> Exercise goal
Print all entries precisely as they are written.
>>>
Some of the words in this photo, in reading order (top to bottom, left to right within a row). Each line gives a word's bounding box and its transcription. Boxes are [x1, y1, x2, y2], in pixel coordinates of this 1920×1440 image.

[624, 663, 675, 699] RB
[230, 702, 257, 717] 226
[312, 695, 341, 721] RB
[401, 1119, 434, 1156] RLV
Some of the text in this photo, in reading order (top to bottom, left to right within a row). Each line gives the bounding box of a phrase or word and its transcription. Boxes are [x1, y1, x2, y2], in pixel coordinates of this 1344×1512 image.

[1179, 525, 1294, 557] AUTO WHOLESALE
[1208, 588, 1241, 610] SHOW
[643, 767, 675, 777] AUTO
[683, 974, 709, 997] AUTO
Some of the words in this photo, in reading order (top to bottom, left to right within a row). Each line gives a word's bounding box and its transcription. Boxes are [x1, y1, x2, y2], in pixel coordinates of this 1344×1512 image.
<<<
> Result of the task
Some of the words in this photo, in reading order (top to bottom, left to right within a row). Each line gives a word's bounding box and its transcription. Boxes are [x1, y1, x2, y2], in pixel coordinates of this 1920×1440 image.

[624, 663, 675, 699] RB
[230, 702, 257, 717] 226
[312, 695, 341, 721] RB
[401, 1119, 434, 1156] RLV
Some of the text in this photo, in reading order (top to bottom, left to right within a row). Each line gives the bounding box of a phrase or word and its transcription. Boxes are [x1, y1, x2, y2], in pixel coordinates of this 1344×1512 image.

[1179, 525, 1294, 557] AUTO WHOLESALE
[1208, 588, 1241, 610] SHOW
[643, 767, 675, 777] AUTO
[683, 974, 709, 997] AUTO
Some of the words in this photo, in reading order (top to bottom, left to right within a row). Each line gives a word's bounding box and its transcription. Boxes are [x1, y1, x2, y2], in pixel coordinates of this 1344×1512 image.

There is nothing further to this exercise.